We performed a systematic search in PubMed and Scopus electronic databases in September 2012. The search term that was applied in PubMed was the following: (“negative pressure” OR vac OR “vacuum assisted”) AND (wound) AND (infection). A more conservative search term was applied in Scopus database: ("negative pressure" OR vac OR "vacuum assisted") AND (sternal wound infection OR dswi OR mediastinitis OR osteomyelitis). In addition, the bibliographies of all relevant articles were searched in order to identify further potentially eligible studies. Articles written in a language other than English, German, French, Spanish, Italian or Greek were not evaluated. Only published studies were included; abstracts from conferences were excluded.

Study Selection

Articles reporting the comparative outcomes of patients with sternal wound infections treated with VAC versus a non-VAC therapy were considered eligible for the meta-analysis regardless of the study design, patient characteristics, type of surgery and additional used interventions, deep or superficial sternal wound infections. When a patient population was included in more than one published studies, only the study with the bigger total study population was included.
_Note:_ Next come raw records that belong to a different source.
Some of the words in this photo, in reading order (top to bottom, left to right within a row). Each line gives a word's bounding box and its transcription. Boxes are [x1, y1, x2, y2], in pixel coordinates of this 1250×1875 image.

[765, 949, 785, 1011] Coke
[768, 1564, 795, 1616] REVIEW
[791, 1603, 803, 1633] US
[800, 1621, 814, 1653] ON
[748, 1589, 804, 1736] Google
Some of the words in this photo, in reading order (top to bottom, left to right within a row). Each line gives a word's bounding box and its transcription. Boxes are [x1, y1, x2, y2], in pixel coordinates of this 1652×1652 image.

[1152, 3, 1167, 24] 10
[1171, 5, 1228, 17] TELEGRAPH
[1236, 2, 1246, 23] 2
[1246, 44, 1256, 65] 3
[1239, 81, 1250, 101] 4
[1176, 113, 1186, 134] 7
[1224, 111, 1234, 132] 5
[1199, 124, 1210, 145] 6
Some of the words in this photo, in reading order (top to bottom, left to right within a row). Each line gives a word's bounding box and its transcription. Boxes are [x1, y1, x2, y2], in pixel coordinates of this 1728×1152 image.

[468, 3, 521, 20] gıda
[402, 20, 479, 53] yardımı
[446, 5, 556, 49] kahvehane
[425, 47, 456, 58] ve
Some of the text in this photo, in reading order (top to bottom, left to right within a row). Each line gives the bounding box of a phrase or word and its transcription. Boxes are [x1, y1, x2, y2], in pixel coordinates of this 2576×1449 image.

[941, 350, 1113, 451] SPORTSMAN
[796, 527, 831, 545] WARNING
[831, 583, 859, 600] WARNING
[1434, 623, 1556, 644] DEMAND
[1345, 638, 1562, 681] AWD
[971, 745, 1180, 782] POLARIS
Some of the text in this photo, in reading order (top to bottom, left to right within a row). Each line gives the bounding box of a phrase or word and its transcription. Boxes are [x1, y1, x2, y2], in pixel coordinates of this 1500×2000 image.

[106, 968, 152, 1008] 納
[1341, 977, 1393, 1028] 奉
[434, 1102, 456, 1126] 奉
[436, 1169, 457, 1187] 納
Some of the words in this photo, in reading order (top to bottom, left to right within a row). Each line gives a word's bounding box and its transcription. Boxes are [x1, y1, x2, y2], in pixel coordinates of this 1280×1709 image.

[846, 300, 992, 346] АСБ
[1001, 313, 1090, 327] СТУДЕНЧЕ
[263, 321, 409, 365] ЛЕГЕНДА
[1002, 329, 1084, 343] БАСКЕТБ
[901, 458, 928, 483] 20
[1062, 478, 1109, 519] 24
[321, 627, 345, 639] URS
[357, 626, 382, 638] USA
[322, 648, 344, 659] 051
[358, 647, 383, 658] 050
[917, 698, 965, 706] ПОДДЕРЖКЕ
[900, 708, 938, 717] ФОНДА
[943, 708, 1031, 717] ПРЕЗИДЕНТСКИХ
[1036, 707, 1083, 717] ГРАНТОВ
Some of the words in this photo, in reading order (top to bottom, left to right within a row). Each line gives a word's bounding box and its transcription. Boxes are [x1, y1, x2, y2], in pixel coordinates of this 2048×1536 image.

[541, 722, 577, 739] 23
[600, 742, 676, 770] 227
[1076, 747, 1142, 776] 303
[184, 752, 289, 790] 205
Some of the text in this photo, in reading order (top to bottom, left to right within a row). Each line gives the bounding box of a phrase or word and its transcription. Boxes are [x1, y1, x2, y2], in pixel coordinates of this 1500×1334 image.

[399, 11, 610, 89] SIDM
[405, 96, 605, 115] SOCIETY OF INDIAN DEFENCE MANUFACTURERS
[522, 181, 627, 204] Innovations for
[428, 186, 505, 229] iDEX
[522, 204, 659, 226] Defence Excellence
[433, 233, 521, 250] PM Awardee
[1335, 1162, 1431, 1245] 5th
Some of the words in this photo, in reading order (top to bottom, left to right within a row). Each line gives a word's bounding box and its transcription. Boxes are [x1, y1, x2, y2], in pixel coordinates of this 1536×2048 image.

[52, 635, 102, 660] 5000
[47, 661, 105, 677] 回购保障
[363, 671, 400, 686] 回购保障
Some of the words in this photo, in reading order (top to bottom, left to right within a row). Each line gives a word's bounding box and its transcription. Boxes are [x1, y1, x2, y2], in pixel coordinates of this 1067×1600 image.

Studies focusing primarily in sternal wounds without infections or other types of wounds were excluded.

Data Extraction

Data was extracted regarding the major characteristics of the included studies (first author, country, period of the study, study design), number of patients in each treatment arm, group establishment regarding the type of therapy selected, patient co-morbidity regarding the cardiothoracic operations conducted, and time of mortality assessment.

Definitions and Outcomes

Sternal wound infections could comprise both deep and superficial infections developed after a cardiothoracic surgery. The definition of osteomyelitis, mediastinitis and superficial wound infections was based on the definitions provided by the selected individual studies.

The primary outcome of the review was in-hospital mortality. When in-hospital mortality was not provided by the authors of a study, 30-day or 90-day mortality was selected. Secondary outcomes comprised recurrence, as defined by the authors of the included studies, and hospital length of stay (LOS).

Statistical Analysis

The non-randomized studies that were analyzed were considered to be heterogeneous by definition and therefore, the Mantel-Haenszel random effects model (REM) was applied. Pooled risk ratios (RR) and 95% confidence intervals (CI) were calculated regarding all outcomes. Statistical heterogeneity between studies was assessed by using the χ2 test (p<0.10 was defined to indicate the presence of heterogeneity) and the I2 (for assessing the degree of heterogeneity). The meta-analysis was performed with Review Manager for Windows, version 5.1.

Results

The systematic search in both databases generated 938 articles (754 PubMed, 172 Scopus, 12 hand-searching). The selection process that was followed for the inclusion of the studies is depicted in Figure 1. Twenty-two studies were finally included in the review.[8], [11], [14], [15], [16], [17], [18], [19], [20], [21], [22], [23], [24], [25], [26], [27], [28], [29], [30], [31], [32], [33] The characteristics of the included studies are presented in Table 1. Twenty one studies reported on deep sternal wound infections (16 on mediastinitis,[11], [14], [15], [16], [17], [18], [19], [20], [21], [23], [26], [27], [28], [30], [32], [33] two on osteomyelitis[8], [25] and 3 did not specify the type of infections[24], [29], [31]). One study included both deep (69%) and superficial (31%) sternal wound infections.[22] All included studies were retrospective cohorts. Thirteen of the 22 studies provided data with regard to the VAC system that was applied and in all of them the KCI (Kinetic Concepts, Inc.) system was used.[8], [14], [17], [18], [19], [21], [22], [23], [24], [28], [30], [31], [32] Data regarding funding was provided by 4 studies;[11], [18], [22], [32] only one was industry funded.[22].

thumbnail
Figure 1. Flow diagram of the systematic search and study selection process.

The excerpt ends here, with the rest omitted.